As described in the motivation, we need to improve TaggingInterface to handle the tagging differently for eigen kernels. We will need to detect whether a kernel is eigen kernel or not, if it is we do not apply the factor when it is tagged to the system Bx vector, otherwise apply the factor.

Impact

A capability has not been supported, thus will not create any impact to current applications.
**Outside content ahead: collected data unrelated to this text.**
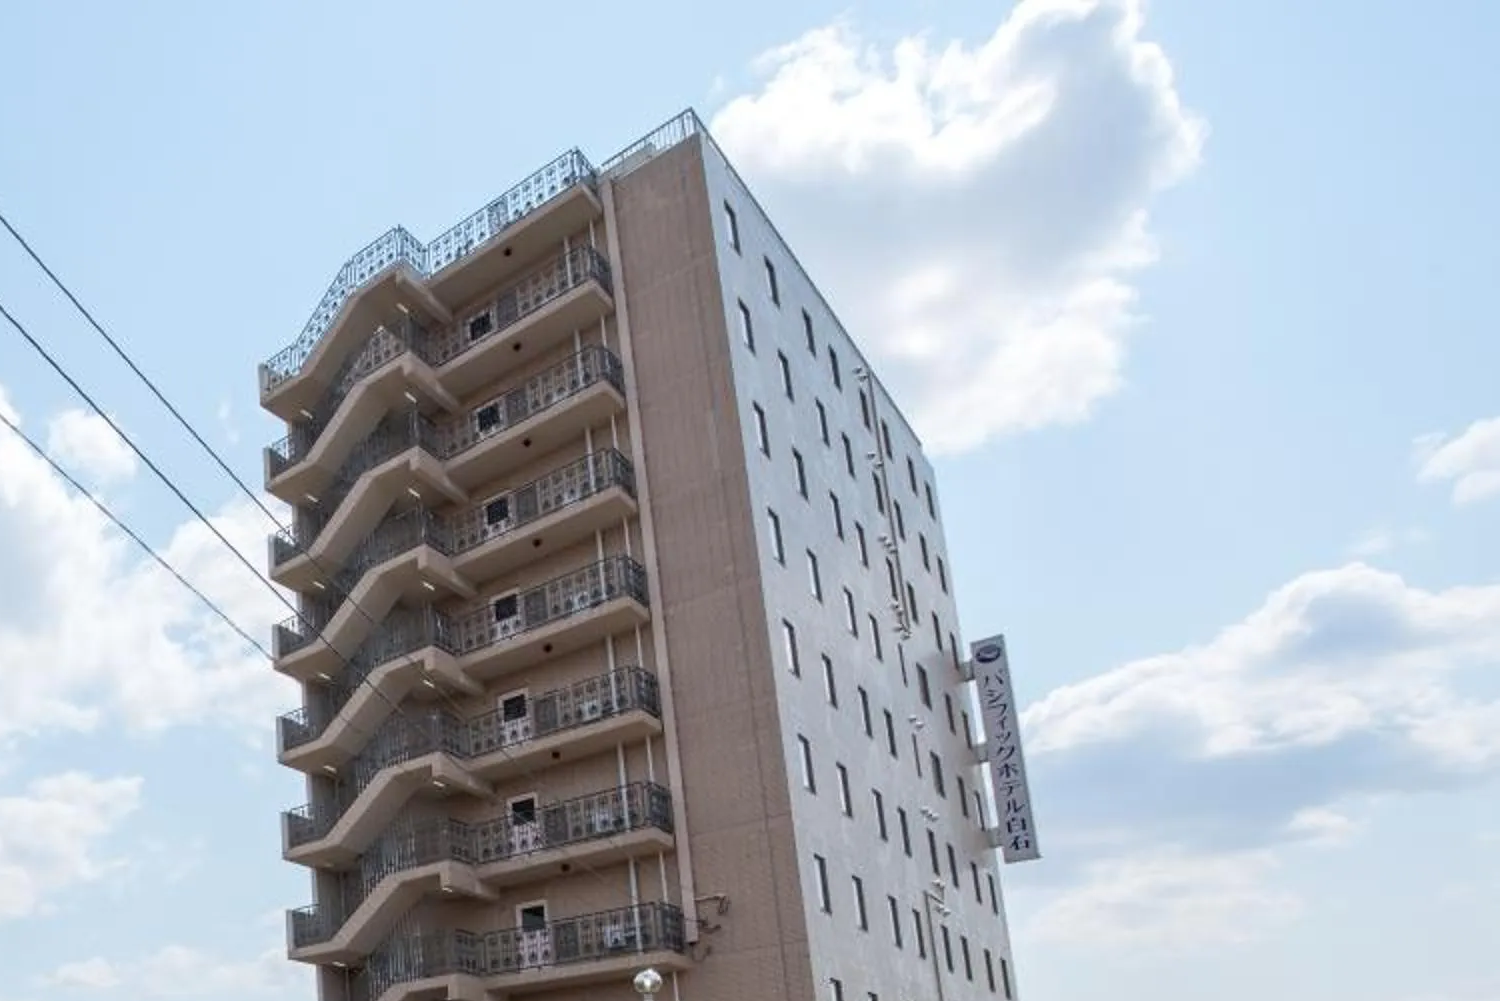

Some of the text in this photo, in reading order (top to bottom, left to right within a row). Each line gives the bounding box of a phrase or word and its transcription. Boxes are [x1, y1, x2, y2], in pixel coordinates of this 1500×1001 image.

[984, 669, 1030, 850] パシフィックホテル白石
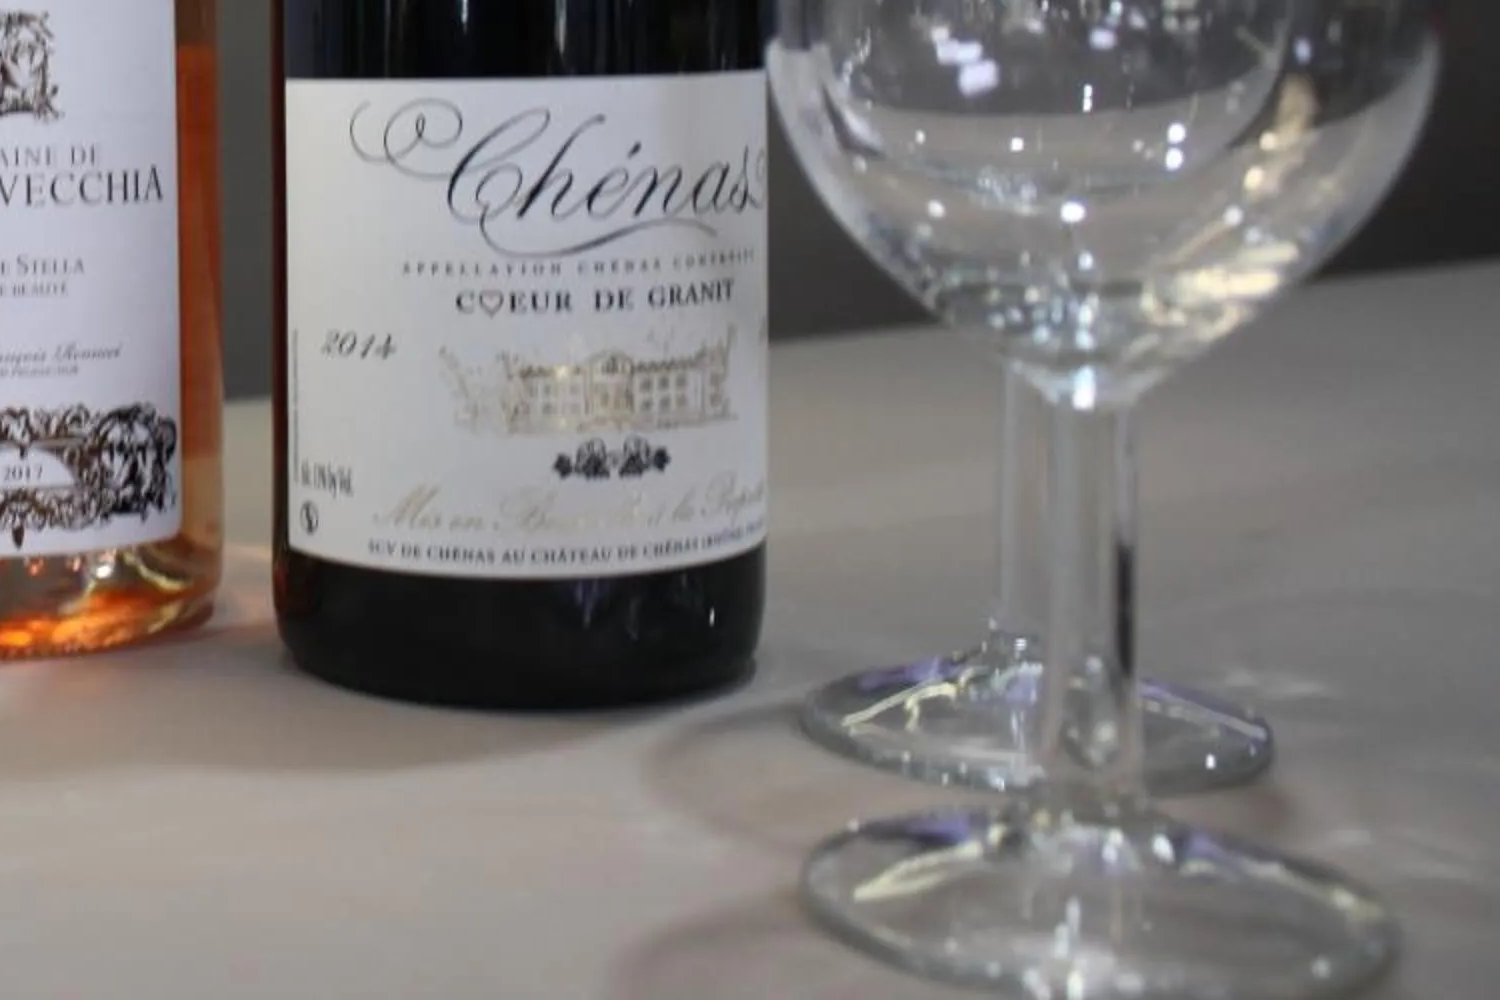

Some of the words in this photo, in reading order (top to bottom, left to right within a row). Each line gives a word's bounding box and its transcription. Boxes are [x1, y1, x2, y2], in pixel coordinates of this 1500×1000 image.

[70, 143, 101, 168] DE
[349, 97, 767, 259] Chénas
[594, 286, 635, 313] DE
[646, 277, 736, 308] GRANIT
[320, 329, 398, 361] 2014
[2, 463, 44, 482] 2017
[401, 542, 421, 560] DE
[501, 546, 526, 566] AU
[617, 546, 638, 561] DE
lindsayad commented 2 weeks ago

I need to evaluate residual into a tagged vector

Why do you need to do this? The Newton residual casting of a generalized eigenvalue problem is just one solution algorithm. I think one could very reasonably argue the opposite of what you're arguing and say that it's weird to apply the eigenvalue factor to some vector tags and not to the eigen tag. It's inconsistent

lindsayad commented 2 weeks ago

We do not call these tags "residual" tags. We call them "vector" tags. They will not always represent a residual

YaqiWang commented 2 weeks ago

Yes, in general it is a vector tag. But here I am only considering using those tagged vectors as an output of residual evaluation, so I call them residual vectors. Yes, residual is only used by the Newton algorithm possibly in SLEPc (and in a Richardson iterative solver in Griffin), however, its definition should be the left minus the right with eigenvalue scaling. Residual is used by Griffin for evaluating reactivity with perturbation.

lindsayad commented 2 weeks ago

Yes, residual is only used by the Newton algorithm possibly in SLEPc (and in a Richardson iterative solver in Griffin), however, its definition should be the left minus the right with eigenvalue scaling.

That is the definition of the nonlinear residual for a Newton eigen problem, I agree. However, it does not have to be the definition of a given vector tag. An eigen tag has always meant the (Bx) vector. If the eigen tag has been applied to a kernel, I don't see a strong argument yet to treat any other tags applied to the kernel differently

lindsayad commented 2 weeks ago

In Griffin, can't you retrieve an (Ax) vector and (Bx) vector and perform the summation with coefficient scaling yourself?

YaqiWang commented 2 weeks ago

In Griffin, can't you retrieve an (Ax) vector and (Bx) vector and perform the summation with coefficient scaling yourself?

No because not all kernels tag to Ax or Bx vectors. To save memory, we only create one vector for tagging, which needs to have both non-eigen and eigen kernel contributions. I updated my PR, I think it looks better.